Circuit Mental Health Program Offices
There are 20 local Substance Abuse and Mental Health Program Offices in Florida. DCF's local service areas match boundaries with Judicial Circuits. Some local offices cover more than one Judicial Circuit. Each year, the Florida Legislature appropriates money to the Central Mental Health Program Office. This money is then allocated to each Circuit. Circuit offices then contract with local community-based providers, agencies, and facilities that serve people in crisis, with serious mental illnesses, and / or substance use disorders.

It is the local offices that actually manage and oversee the public mental health system. Within each Circuit office, there are people responsible for monitoring and assisting with local adult and / or children's mental health services and supports. Responsibilities of these staff can include:

  • Negotiating and monitoring contracts with providers of supports and services
  • Working collaboratively with other state agencies, programs and services such as schools, local hospitals, mental health agencies, community mental health centers, and local stakeholders like county governments, advocates and consumer groups
  • Providing information and technical assistance to individuals, families and other community stakeholders about local or statewide services and supports.

Who We Serve

Resources in the public mental health system for adults are focused on people in crisis, people with serious, disabling or potentially disabling mental illnesses who live in the community, who cannot otherwise access mental health care, and certain people with serious mental illnesses who get involved with the criminal justice system.

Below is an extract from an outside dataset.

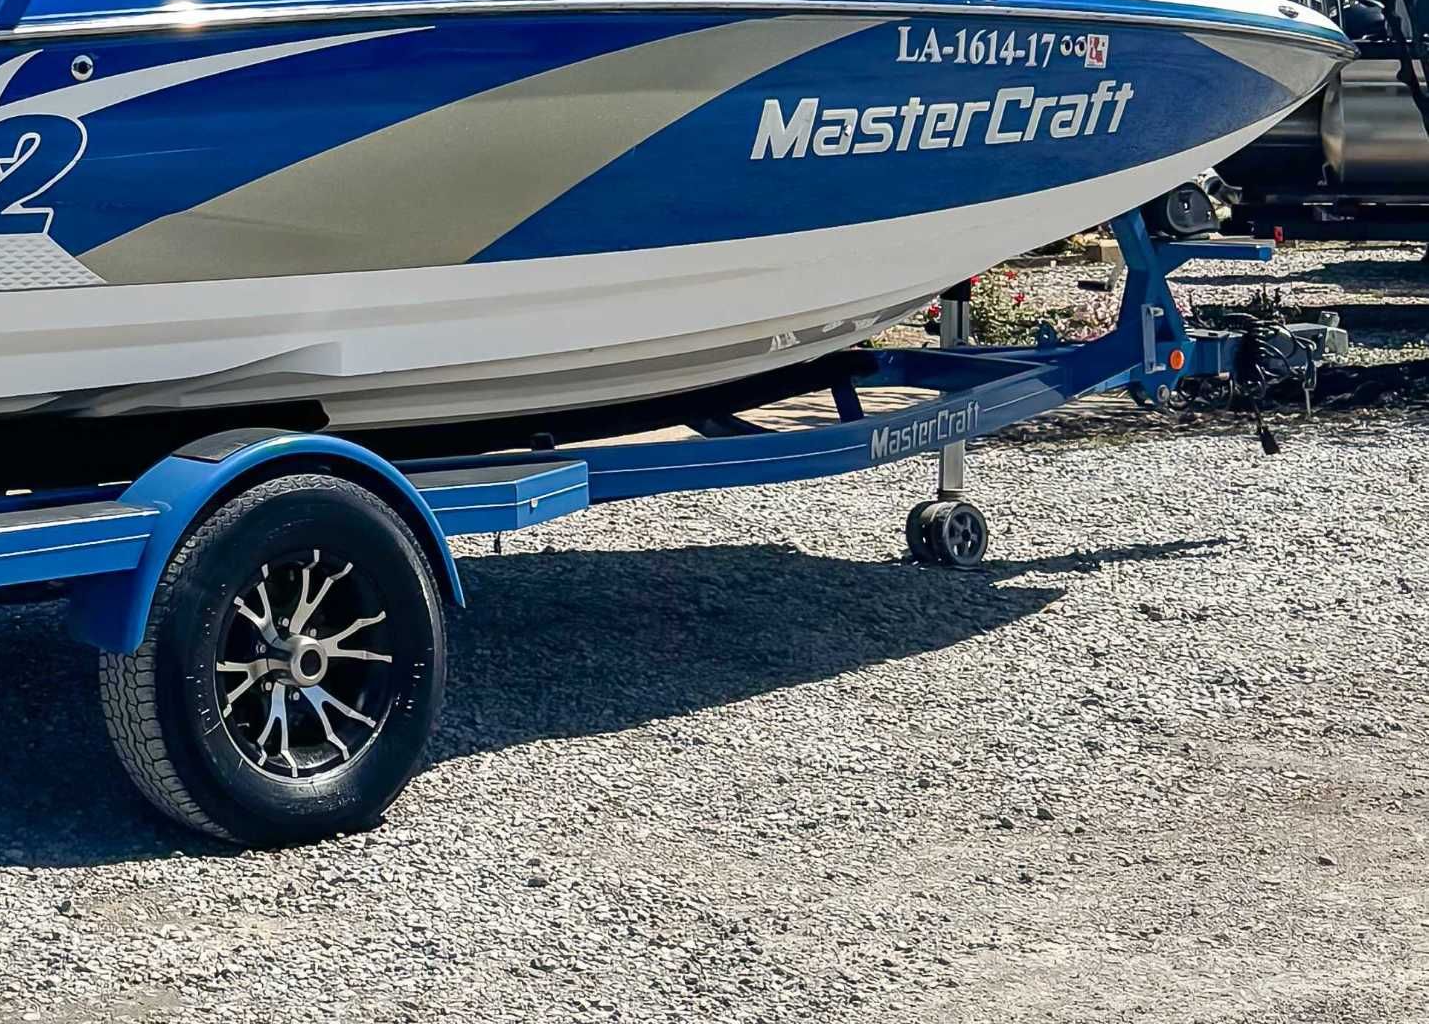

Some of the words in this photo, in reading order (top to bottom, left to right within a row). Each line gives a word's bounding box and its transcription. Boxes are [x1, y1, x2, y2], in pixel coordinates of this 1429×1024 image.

Adults in mental health crisis - This group includes people who are 18 or older who:

  • Meet criteria under the Baker Act for admission to a mental health receiving facility; or
  • Show evidence of a recent stressful event and significant problems coping with that event.

Adults with severe psychiatric disabilities - This group includes people 18 or older who have a diagnosis or diagnostic impression of a mental disorder meeting DSM-III-R Axis I (Primary Psychiatric Diagnosis) or Axis II (Secondary Psychiatric Diagnosis), and who meet any of the following criteria:

  • Receives Supplemental Security Income (SSI) or Social Security Disability Income (SSDI) or Disabled Veteran Income or other type of disability income due to a psychiatric disability; or
  • Receives Social Security Income (SSI) for reasons other than a psychiatric disability and has a serious and persistent mental illness; or
  • Has documented evidence of a long term psychiatric disability, and does not need, is unable to apply or refuses to apply for disability benefits; or
  • Does not receive disability income due to a psychiatric disability but has applied for disability income that is in process due to psychiatric disability or has received such income in the past five (5) years.

Adults with a serious mental illness and forensic (court) involvement - This group includes people over 18 who meet any of the following criteria:

  • Have an "incompetent to proceed (ITP)" court order due to mental illness; or
  • Have a "not guilty by reason of insanity (NGI)" court order for evaluation of competency or sanity; or
  • Are on conditional release due to a mental illness.